■ **Work to be completed**
Return the data exactly, apart from leaving out the pictures.

** Opening Information block **

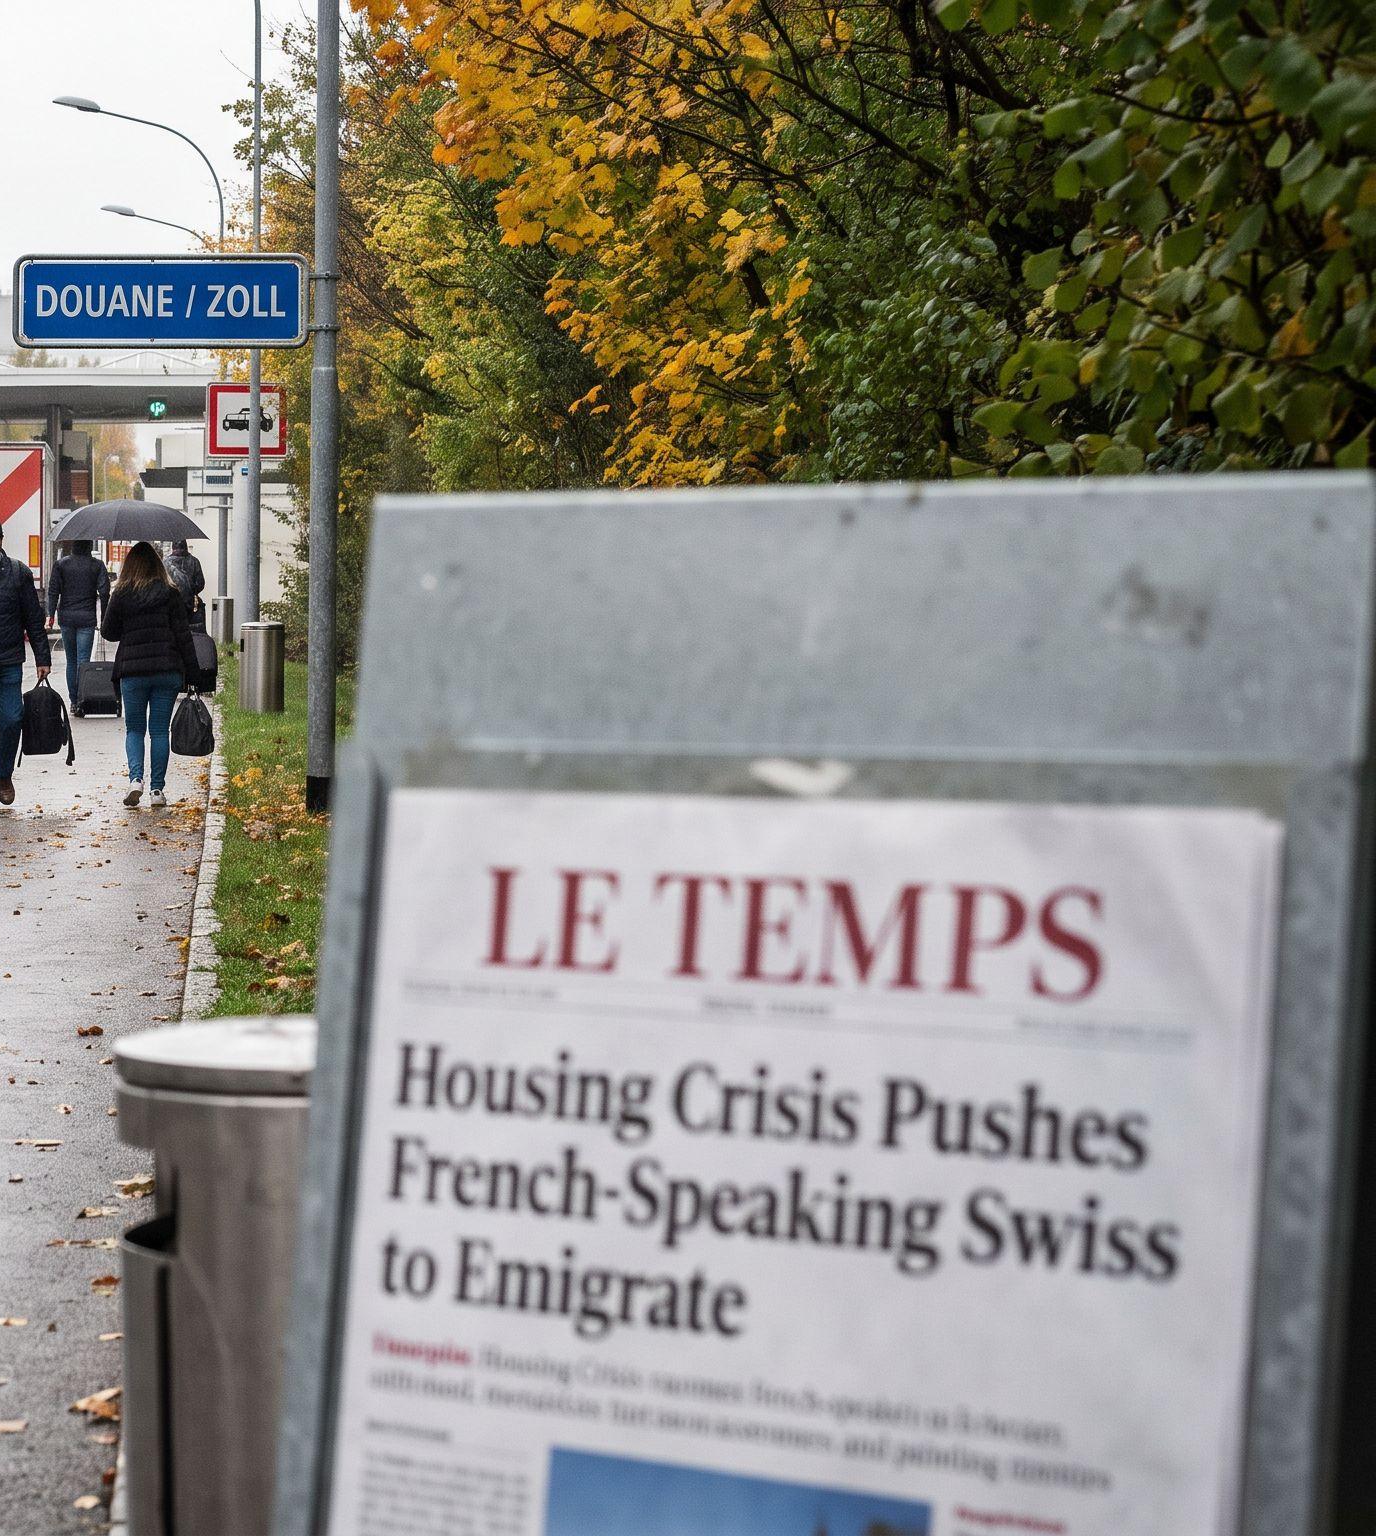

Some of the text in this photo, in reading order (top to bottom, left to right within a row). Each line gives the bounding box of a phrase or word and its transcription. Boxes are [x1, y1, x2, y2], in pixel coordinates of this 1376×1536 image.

[36, 284, 286, 318] DOUANE / ZOLL
[480, 866, 1106, 1005] LE TEMPS
[395, 1041, 1150, 1173] Housing Crisis Pushes
[388, 1134, 1183, 1285] French-Speaking Swiss
[381, 1236, 748, 1341] to Emigrate
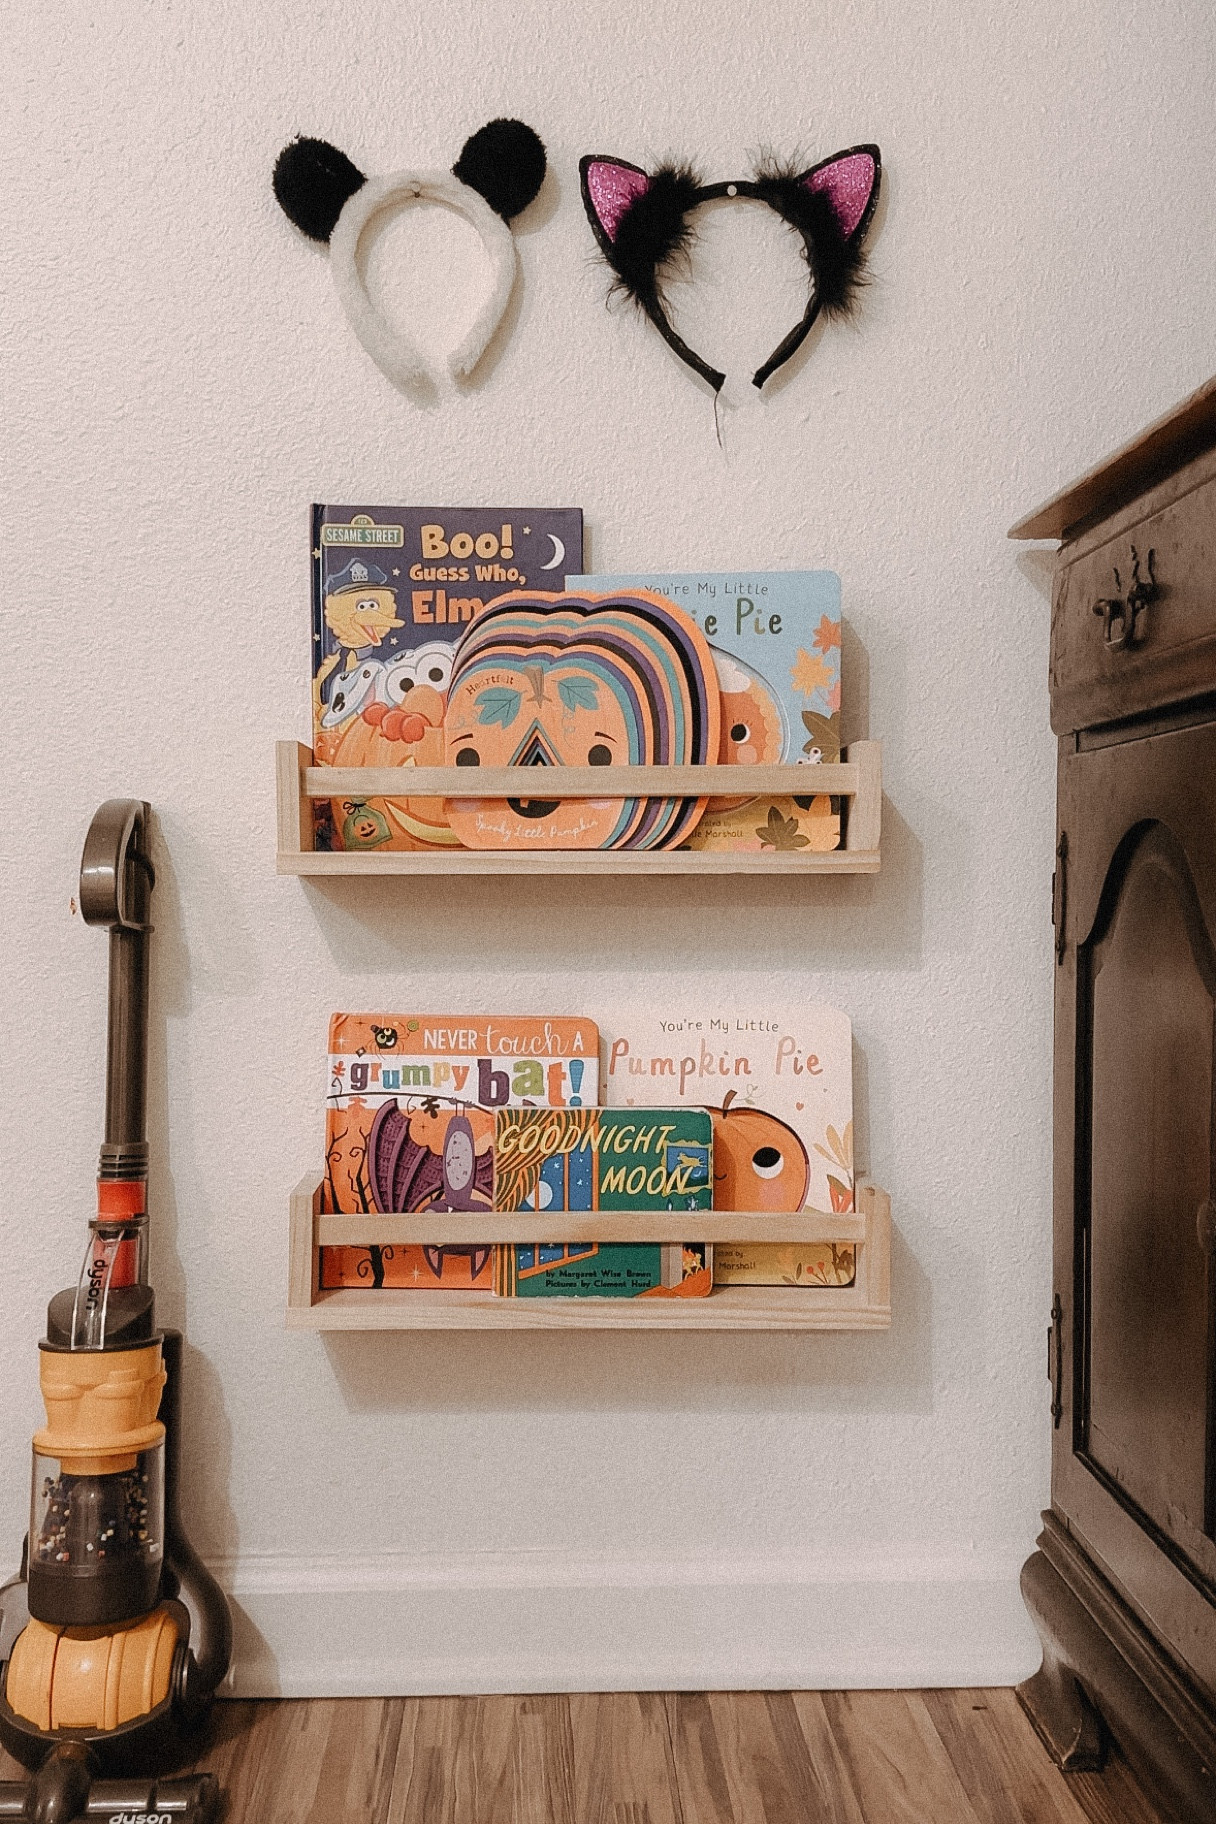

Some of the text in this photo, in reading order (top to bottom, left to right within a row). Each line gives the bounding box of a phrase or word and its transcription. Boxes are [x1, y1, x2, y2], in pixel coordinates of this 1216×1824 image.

** Closing Information block **

■ **Result below**
Some of the text in this photo, in reading order (top to bottom, left to right within a row). Each line gives the bounding box of a phrase or word and its transcription. Boxes are [x1, y1, x2, y2], in pixel coordinates of this 1376×1536 image.

[36, 284, 286, 318] DOUANE / ZOLL
[480, 866, 1106, 1005] LE TEMPS
[395, 1041, 1150, 1173] Housing Crisis Pushes
[388, 1134, 1183, 1285] French-Speaking Swiss
[381, 1236, 748, 1341] to Emigrate

Some of the text in this photo, in reading order (top to bottom, left to right within a row). Each line gives the bounding box of a phrase or word and its transcription. Boxes are [x1, y1, x2, y2], in pixel coordinates of this 1216×1824 image.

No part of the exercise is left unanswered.